However, Hands is not used to living in Japan. Appearance, he does not look like Japanese. In terms of language, he did not speak Japanese when he was in the United States, and he only spent six months intensive training in a language school in Tokyo. He can speak Japanese, but he still has some accent. People always think he doesn’t understand Japanese. Socially, he has no friends. Society as a whole was caught up in an economic frenzy, with people flocking to money, leaving the traditional music scene behind and letting it age. He has no friends of the same age in the shakuhachikai.
Hands decided to return to the United States, returning to Seattle, where he grew up, alone in 1992. It was January and a few friends decided to have a party and play Irish music on St. Patrick’s Day in March. In a short period of time, he learned fifty Irish pieces in one sitting – he did have a talent for music. The festival was so successful that a few friends decided to start a band. Hands is mainly responsible for playing the Irish piccolo (penny whistle) in the band. This instrument is a vertical wind instrument like the shakuhachi, but it is thinner and shorter. With the experience of playing shakuhachi, especially in terms of luck, he plays the Irish piccolo with ease. Later he also played other vertical wind instruments. Since then, Hands has continued to play Irish music for a living.
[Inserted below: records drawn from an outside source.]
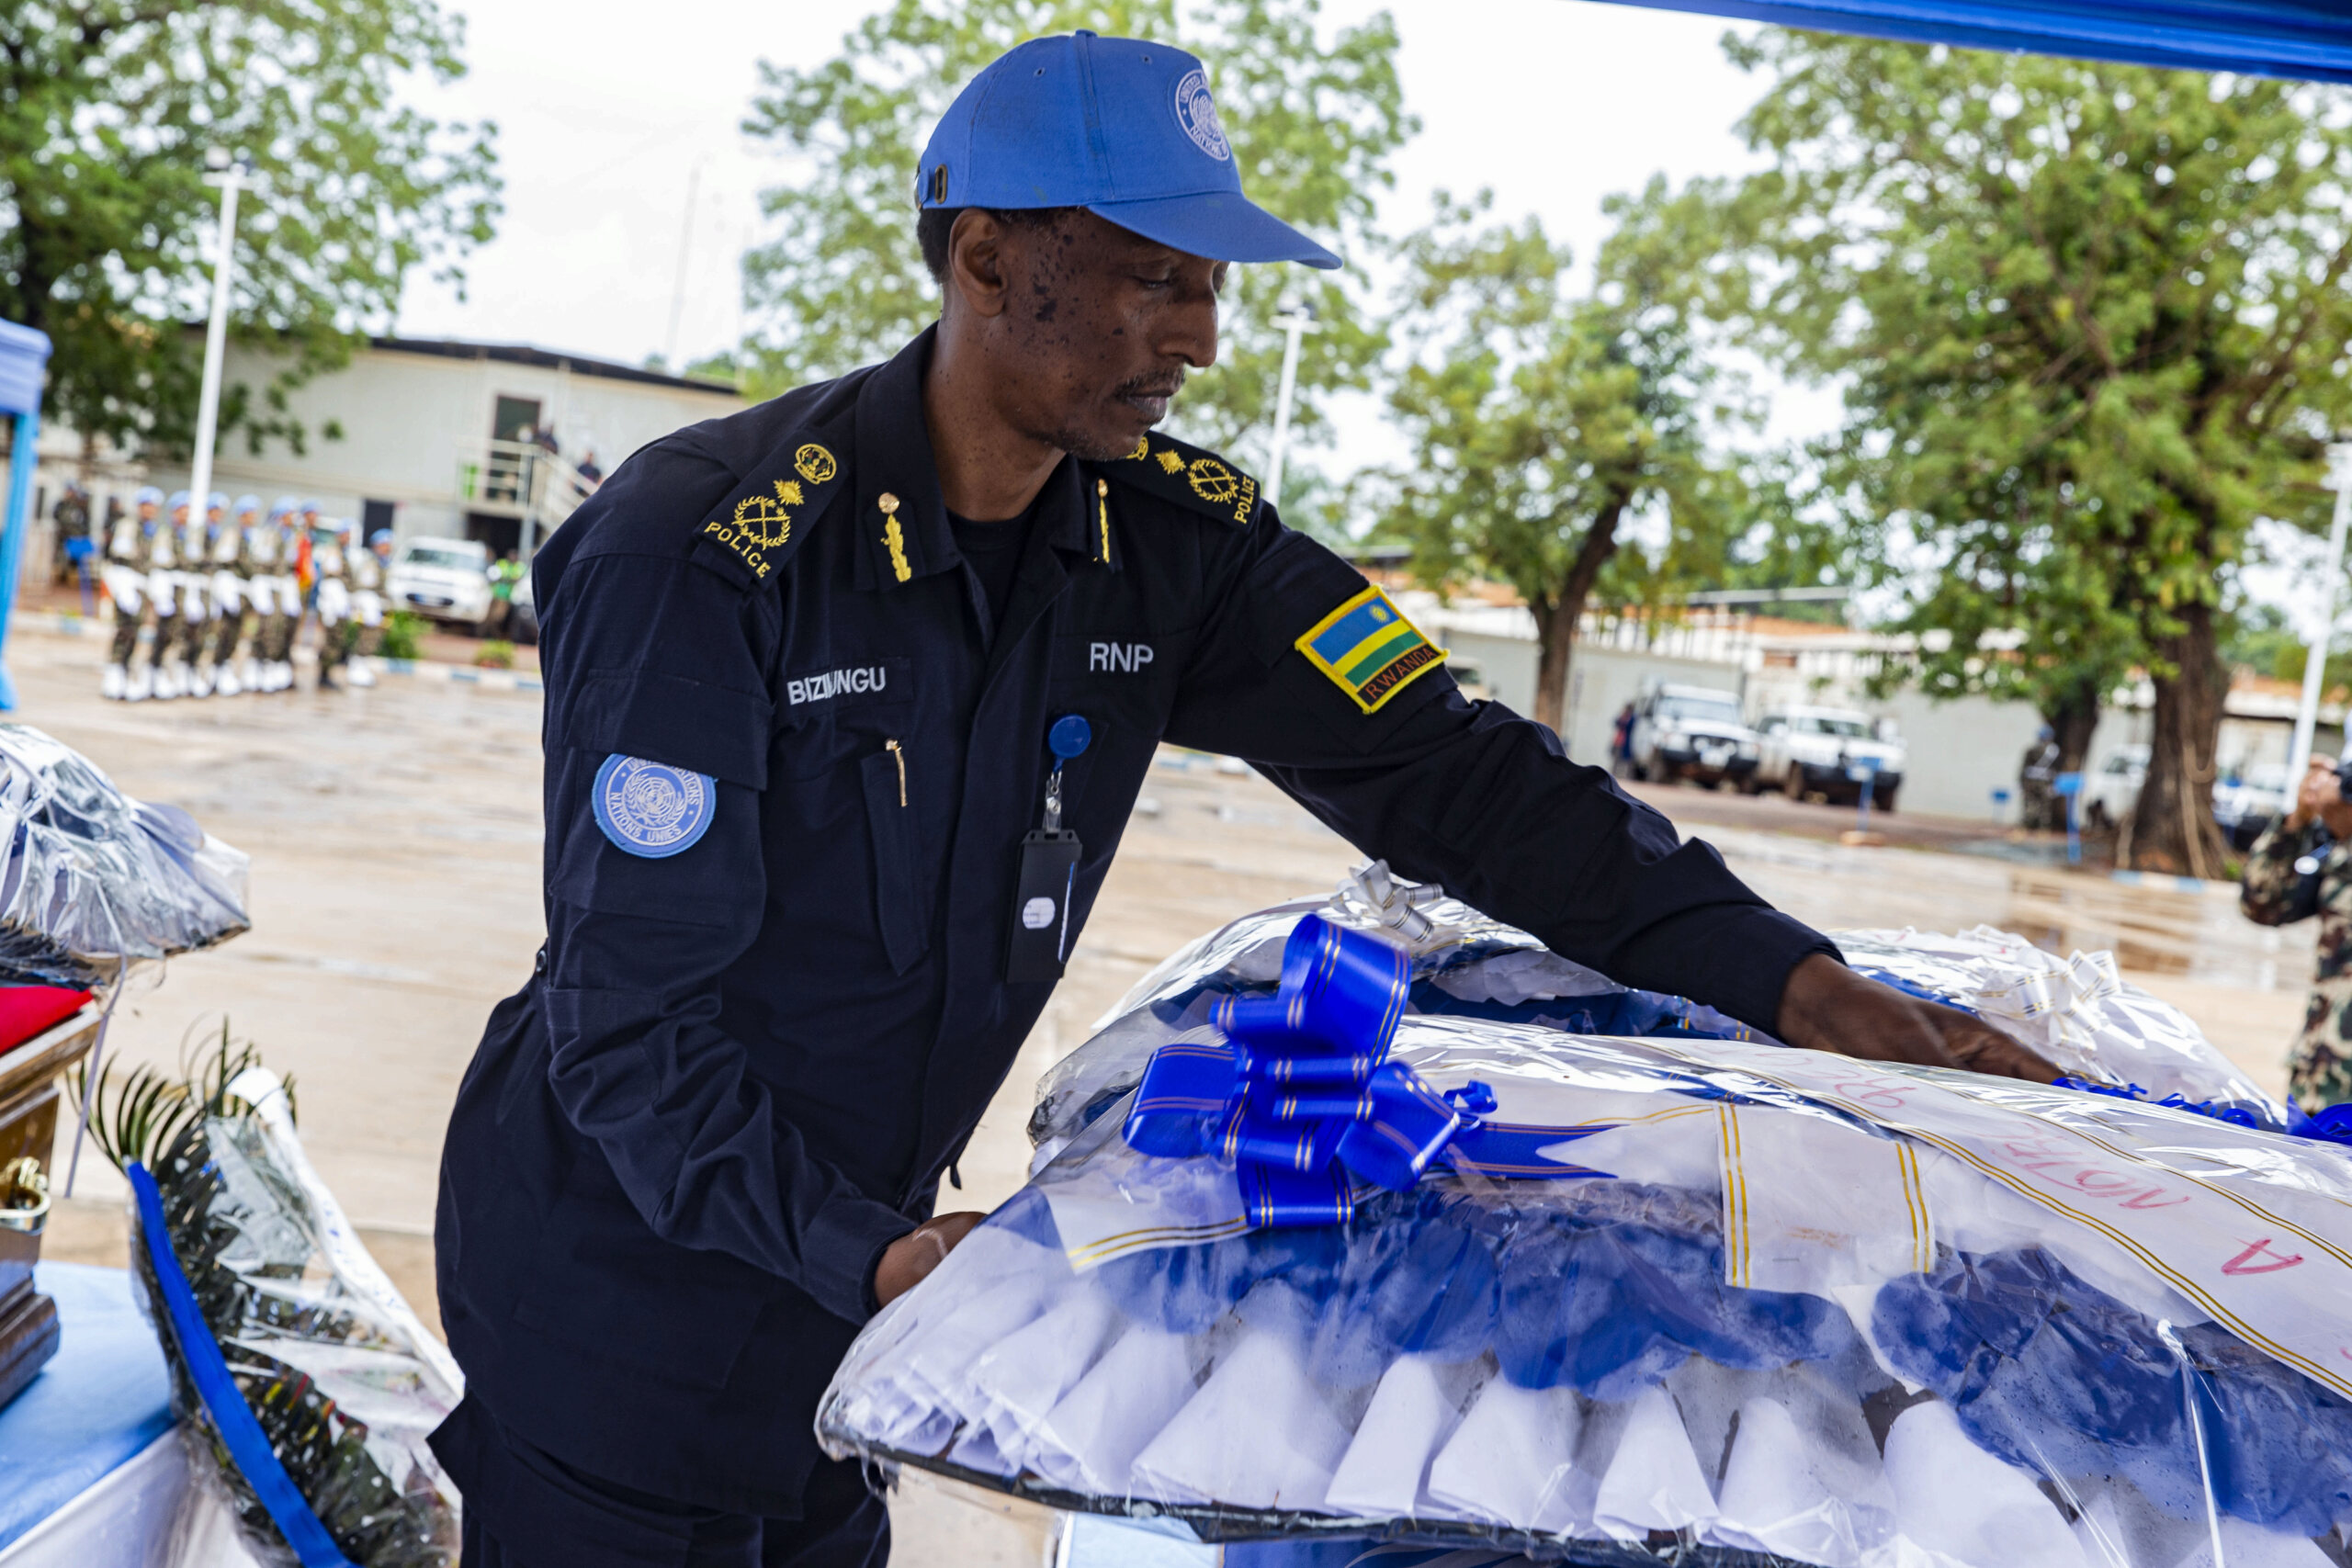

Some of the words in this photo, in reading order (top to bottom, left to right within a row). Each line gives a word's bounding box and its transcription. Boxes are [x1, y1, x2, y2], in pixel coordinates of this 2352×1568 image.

[1234, 475, 1255, 525] POLICE
[704, 522, 771, 579] POLICE
[1089, 642, 1154, 672] RNP
[1365, 648, 1437, 700] RWANDA
[786, 666, 887, 705] BIZIUNGU
[672, 766, 699, 806] ATIONS
[610, 792, 643, 838] NATIONS
[2220, 1236, 2305, 1276] A
”You play Irish music, do you have something to do with your mother?” I asked.
”It doesn’t matter much. I have listened to a lot of music of various styles and ethnicities since I was a child, and also listened to Irish music. That festival event was completely by chance. I am not tall, 1.65 meters tall, with a brown complexion. , doesn’t look Irish, and doesn’t have an Irish name, which people always find weird in America. In Ireland, people don’t look at their skin color, they just listen to music.”
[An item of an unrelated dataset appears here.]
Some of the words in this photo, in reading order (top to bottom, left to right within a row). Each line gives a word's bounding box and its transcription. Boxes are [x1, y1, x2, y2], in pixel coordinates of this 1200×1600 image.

”Why don’t you make a living out of shakuhachi? “I thought that Hands had systematic shakuhachi training and would be more comfortable playing shakuhachi than Irish instruments.
”I had the opportunity to play shakuhachi several times a year in the United States, but I couldn’t make a living from it. At that time, people came to learn shakuhachi from me, and they mainly came for spiritual guidance. At that time, I had no idea about the shakuhachi tradition. As far as I know, my father did not teach me the spiritual connotation of shakuhachi.” The
shakuhachi flourished in Japan during the Edo period, and the nihilistic monks of the Puhua sect held shakuhachi in the city to beg. They do not regard shakuhachi as musical instruments, but as instruments of practice. This practice is called blowing meditation. After the end of the Edo period and the Meiji period, the Puhua sect was abolished, and the shakuhachi was converted into a musical instrument. Even so, the spirituality of shakuhachi has been handed down, and some American students are also very interested in the spirituality of shakuhachi, but Hanz cannot meet their needs.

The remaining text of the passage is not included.